Nottingham Man Convicted Of Conspiracy To Distribute Cocaine
FOR IMMEDIATE RELEASE Contact ELIZABETH MORSE
www.justice.gov/usao/md at (410) 209-4885
Baltimore, Maryland – On March 8, 2018, a federal jury convicted Corey Hammond, age 30, of Nottingham, Maryland of conspiracy to distribute and possess with intent to distribute five kilograms or more of cocaine.
The conviction was announced by Acting United States Attorney for the District of Maryland Stephen M. Schenning; Assistant Special Agent in Charge Don A. Hibbert of the Drug Enforcement Administration, Baltimore Field Office; Commissioner Darryl DeSousa of the Baltimore Police Department; and Chief Terrence B. Sheridan of the Baltimore County Police.
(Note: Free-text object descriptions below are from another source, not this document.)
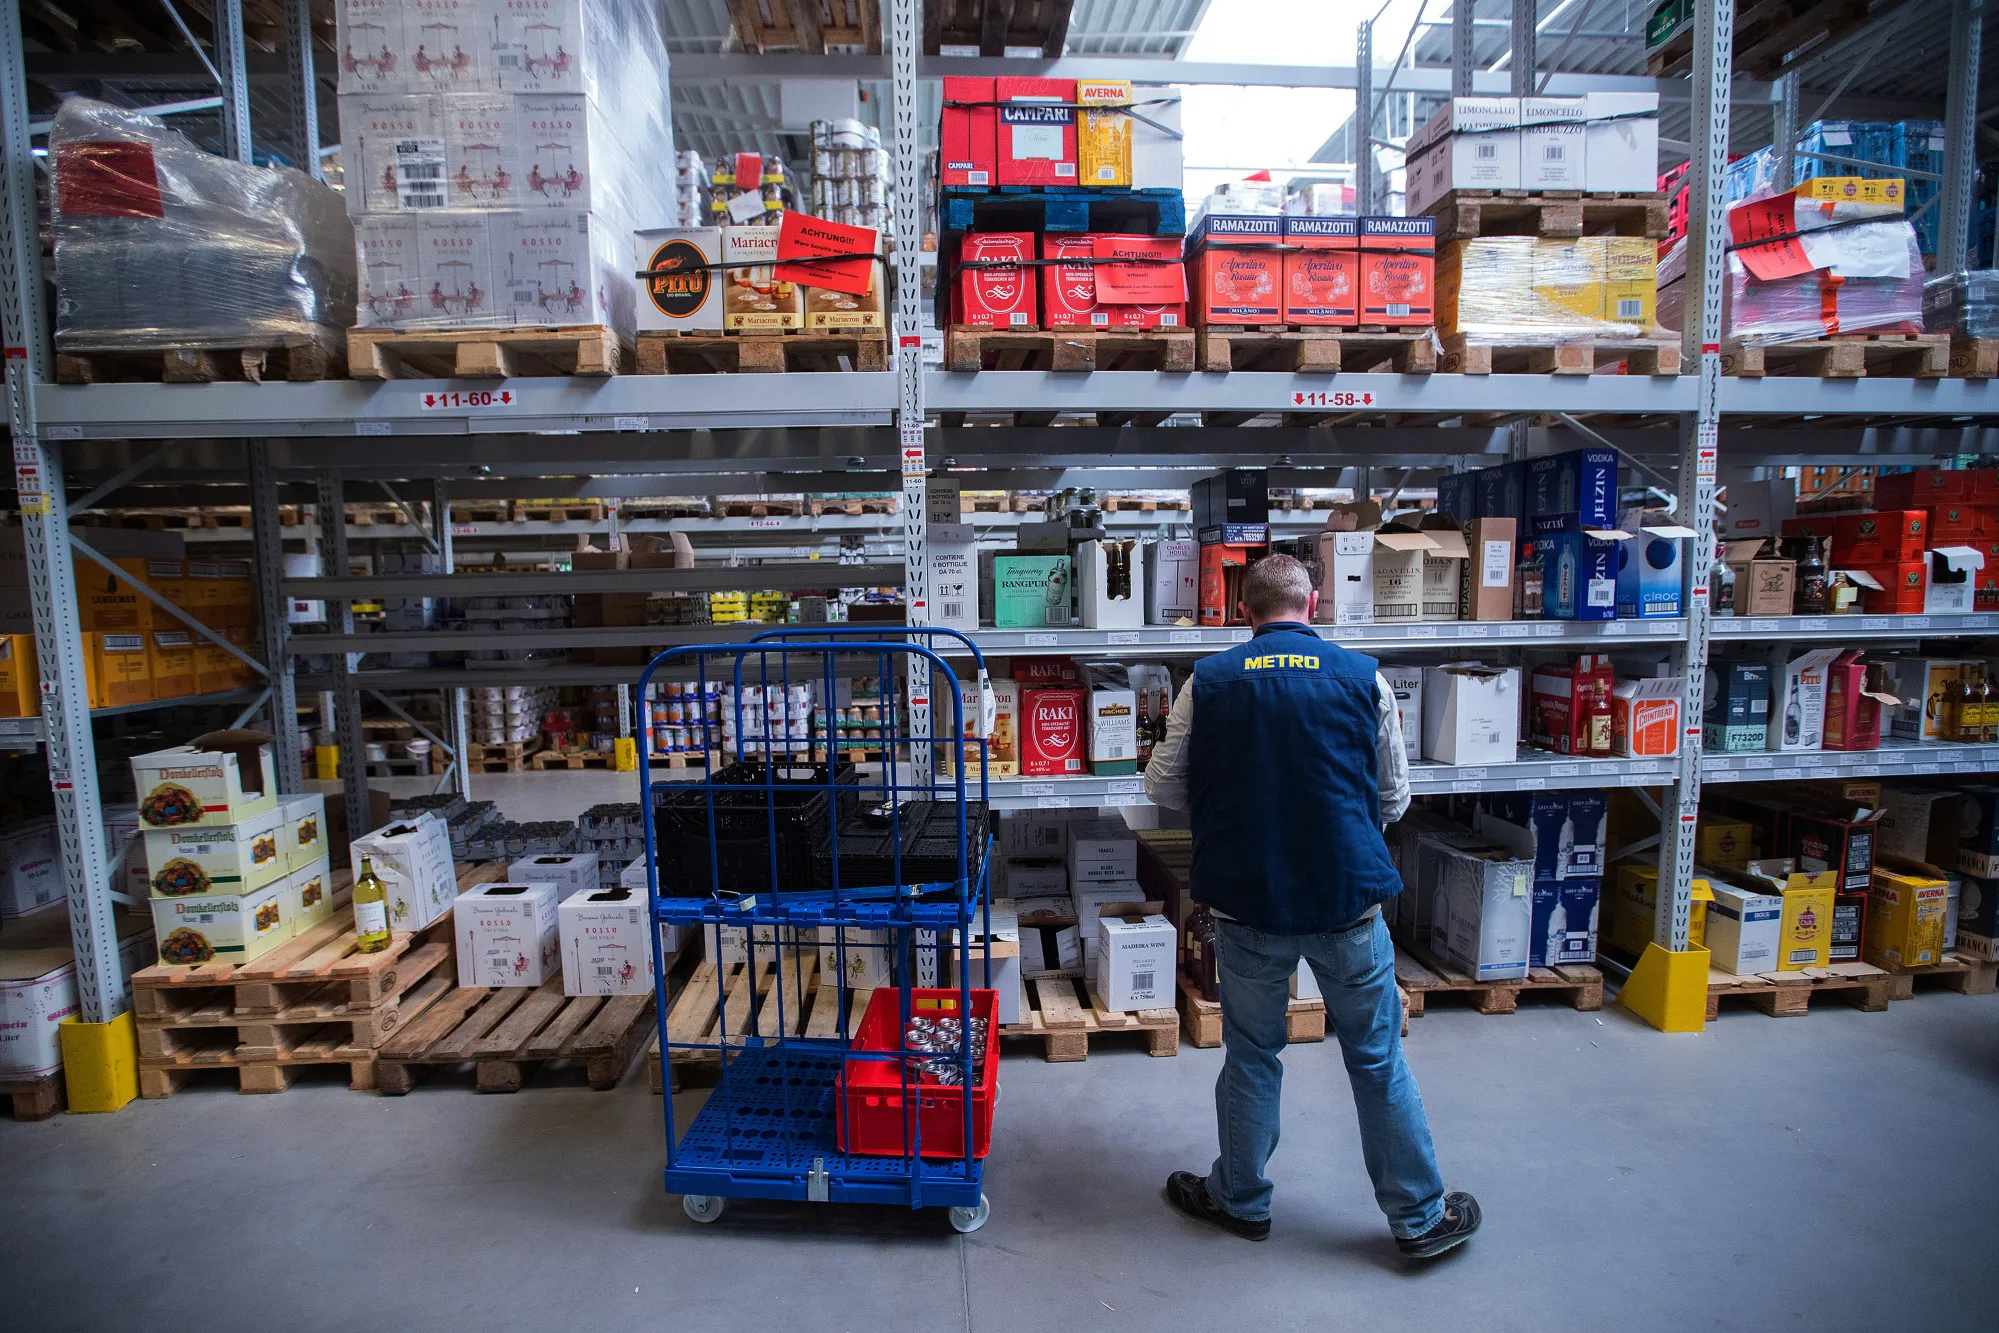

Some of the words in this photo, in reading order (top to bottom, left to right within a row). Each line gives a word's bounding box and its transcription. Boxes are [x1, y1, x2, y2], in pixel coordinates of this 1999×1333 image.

[1084, 88, 1124, 98] AVERNA
[1005, 107, 1069, 121] CAMPARI
[1458, 105, 1516, 115] LIMONCELLO
[1526, 107, 1583, 118] LIMONCELLO
[531, 120, 573, 129] ROSSO
[1526, 124, 1582, 136] MADRUZZO
[948, 162, 973, 170] CAMPARI
[1213, 219, 1277, 233] RAMAZZOTTI
[1291, 221, 1354, 234] RAMAZZOTTI
[1367, 220, 1430, 233] RAMAZZOTTI
[522, 237, 562, 246] ROSSO
[731, 236, 779, 249] Mariacr
[800, 227, 855, 245] ACHTUNG!!!
[433, 239, 473, 247] ROSSO
[1112, 250, 1162, 259] ACHTUNG!!!
[1062, 255, 1093, 270] RAK
[1220, 258, 1266, 275] Aperitivo
[1298, 259, 1343, 276] Aperitivo
[1374, 257, 1419, 275] Aperitivo
[653, 269, 704, 294] PITÚ
[439, 391, 498, 408] 11-60-
[1307, 392, 1361, 406] 11-58-
[1587, 453, 1614, 463] VODKA
[1531, 459, 1557, 472] VODKA
[1594, 468, 1606, 521] JELZIN
[1588, 539, 1615, 547] VODKA
[1006, 567, 1044, 576] Tanqueray
[1373, 567, 1421, 575] LAGAVULIN
[1001, 580, 1048, 588] RANGPUR
[1460, 557, 1471, 616] DIAGEO
[1244, 653, 1320, 670] METRO
[1030, 664, 1061, 677] RAKI
[1393, 679, 1419, 689] Liter
[1039, 706, 1073, 720] RAKI
[1639, 707, 1674, 726] COINTREAU
[1100, 719, 1131, 727] WILLIAMS
[1732, 733, 1764, 742] F7320D
[1917, 888, 1945, 898] AVERNA
Evidence presented at the four-day trial included intercepted coded cellular telephone calls in which Hammond discussed with another co-conspirator “2 Peyton Mannings,” which an expert Task Force Officer with the Drug Enforcement Administration (DEA) interpreted to mean a kilogram of cocaine. Peyton Manning’s jersey was 18. 18 ounces of cocaine equals 504 grams or one-half a kilogram. The jury also saw an intercepted text message from yet another co-conspirator which read: “256000 total at 32000.” Evidence at trial established the price of each kilogram of cocaine was valued at $32,000. The text message, according to the sender of the text and who testified at trial, represented 8 kilograms: 256,000 divided by 32,000 equals 8. Upon receiving the text, Hammond sent a text of his own, which read “Don’t Text. We already agreed. We’re on the same page.”
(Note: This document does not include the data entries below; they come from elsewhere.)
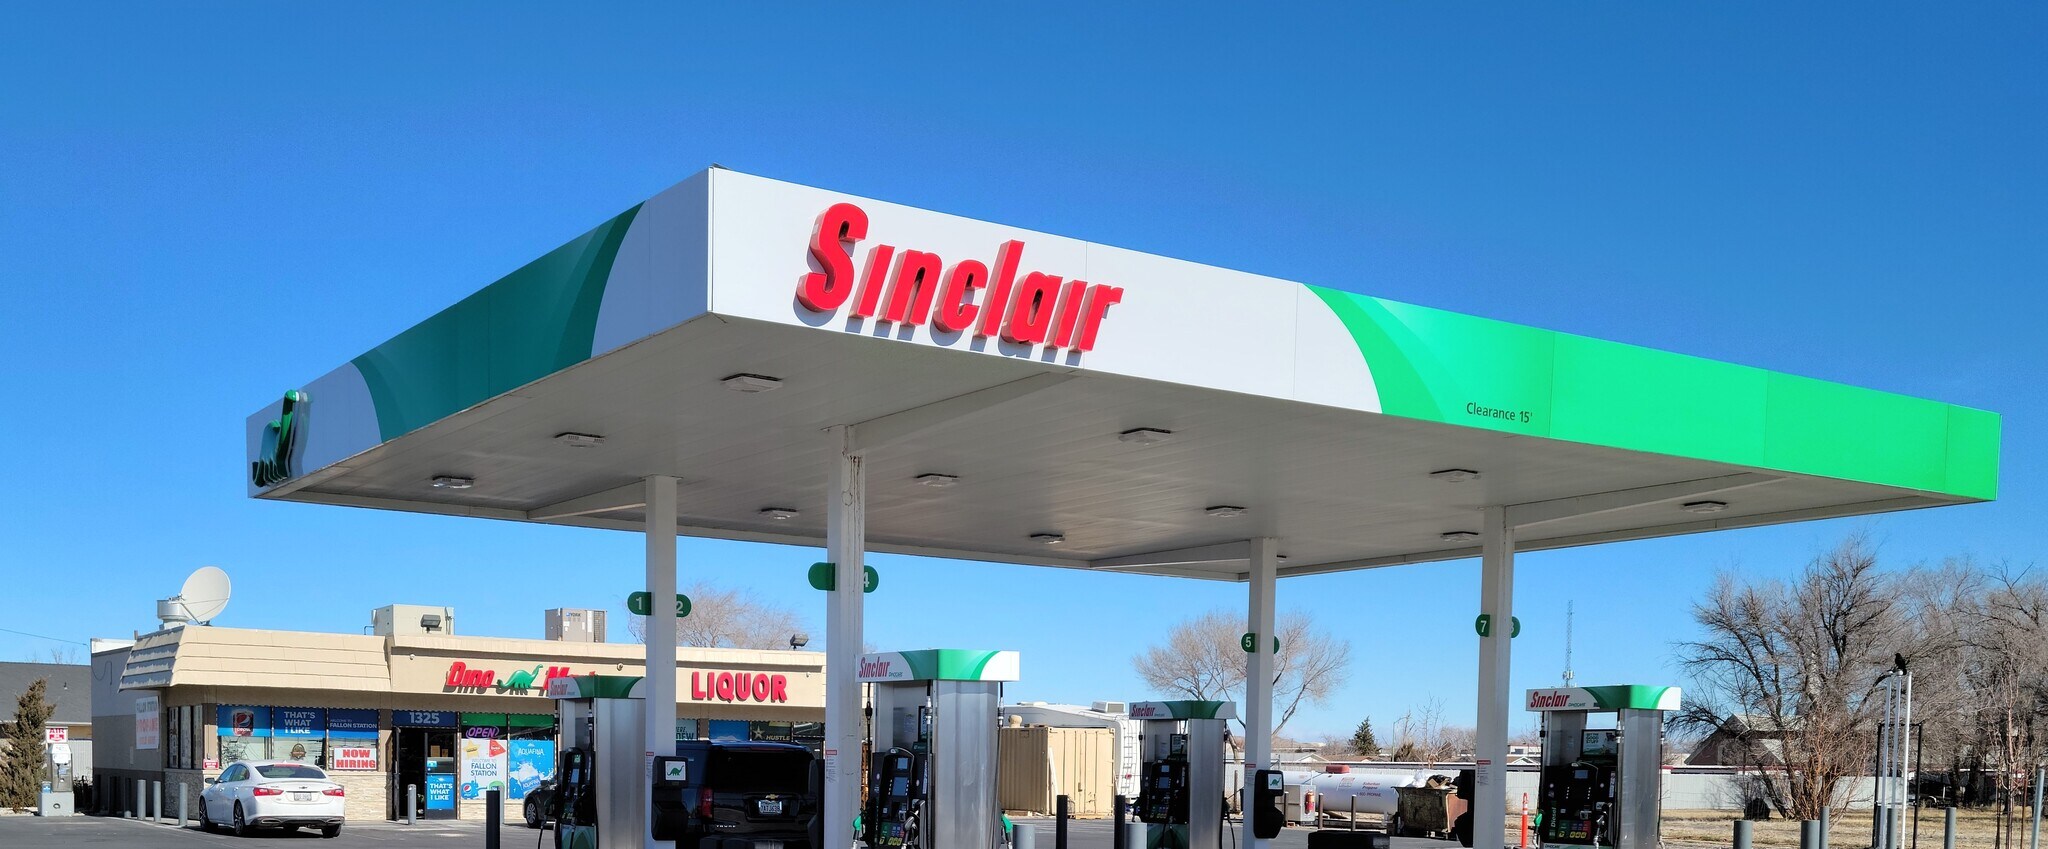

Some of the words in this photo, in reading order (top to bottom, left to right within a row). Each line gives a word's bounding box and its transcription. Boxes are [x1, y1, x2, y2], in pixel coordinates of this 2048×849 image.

[797, 202, 1124, 352] Sinclair
[1466, 402, 1516, 421] Clearance
[1519, 411, 1533, 423] 15'
[635, 596, 643, 610] 1
[676, 600, 684, 614] 2
[1480, 620, 1487, 633] 7
[1245, 636, 1252, 648] 5
[859, 656, 890, 678] Sinclair
[446, 661, 495, 688] Dino
[693, 671, 787, 703] LIQUOR
[1530, 691, 1570, 708] Sinclair
[284, 711, 316, 719] THAT'S
[1131, 703, 1155, 717] Sinclair
[284, 719, 311, 727] WHAT
[409, 711, 440, 724] 1325
[468, 727, 495, 738] OPEN
[342, 749, 371, 758] NOW
[518, 748, 545, 756] AQUAFINA
[336, 759, 376, 769] HIRING
[471, 762, 497, 770] FALLON
During the course of the trial, the jury also saw evidence of a seizure of almost 15 kilograms of cocaine, along with more than $520,000 in cash seized from Hammond’s co-conspirators.
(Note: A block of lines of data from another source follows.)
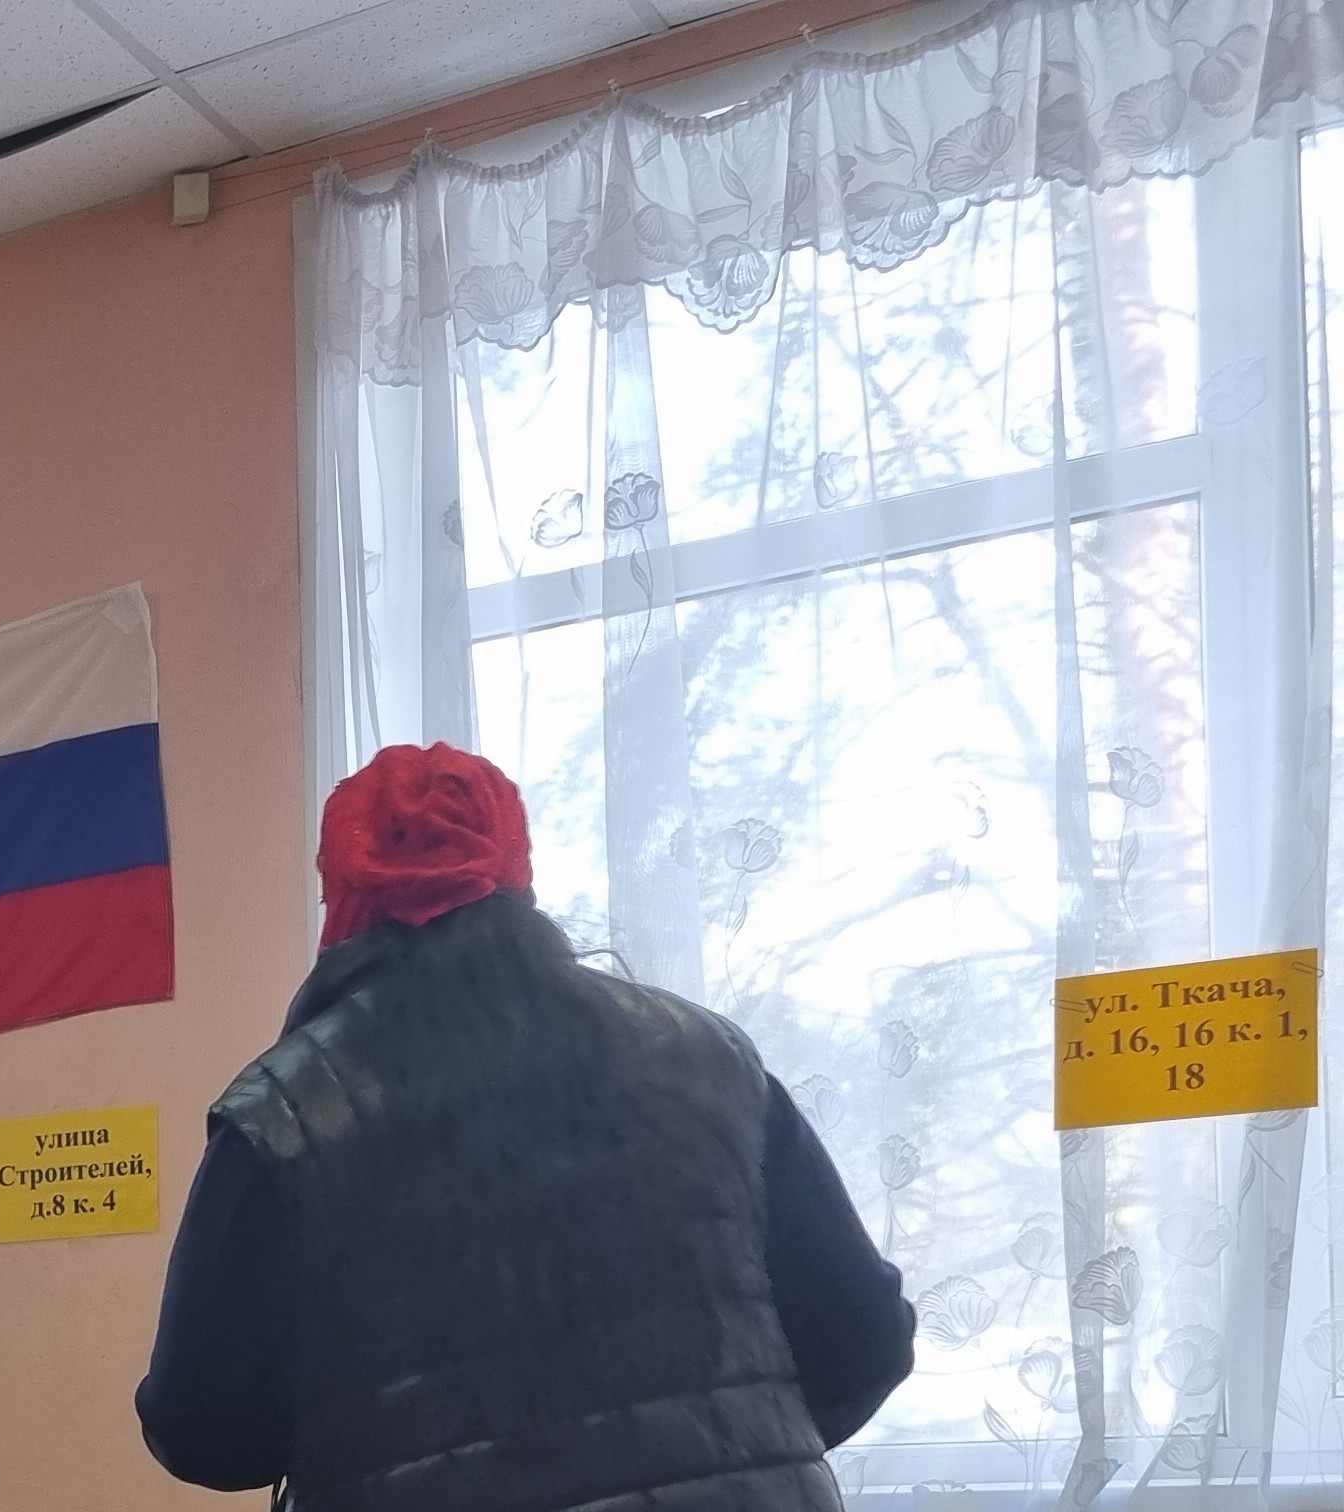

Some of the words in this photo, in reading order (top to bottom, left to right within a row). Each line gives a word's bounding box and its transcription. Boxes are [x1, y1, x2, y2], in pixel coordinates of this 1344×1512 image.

[1083, 993, 1140, 1024] ул.
[1151, 976, 1287, 1010] Ткача,
[1062, 1040, 1095, 1065] д.
[1109, 1025, 1161, 1058] 16,
[1173, 1018, 1215, 1050] 16
[1226, 1021, 1263, 1044] к.
[1276, 1009, 1310, 1041] 1,
[1164, 1062, 1206, 1092] 18
[35, 1127, 110, 1157] улица
[30, 1193, 66, 1221] д.8
[72, 1197, 96, 1215] к.
[102, 1188, 117, 1212] 4
Hammond, who previously had been convicted of a narcotics related offense in Baton Rouge, Louisiana, is facing a minimum mandatory sentence of 20 years, without parole.
Acting United States Attorney Stephen M. Schenning commended the DEA, the Baltimore City and Baltimore County Police Departments for their work in the investigation. Mr. Schenning thanked Assistant U.S. Attorney Christopher J. Romano and Special Assistant United States Attorney Jeffrey Hann, who prosecuted the case.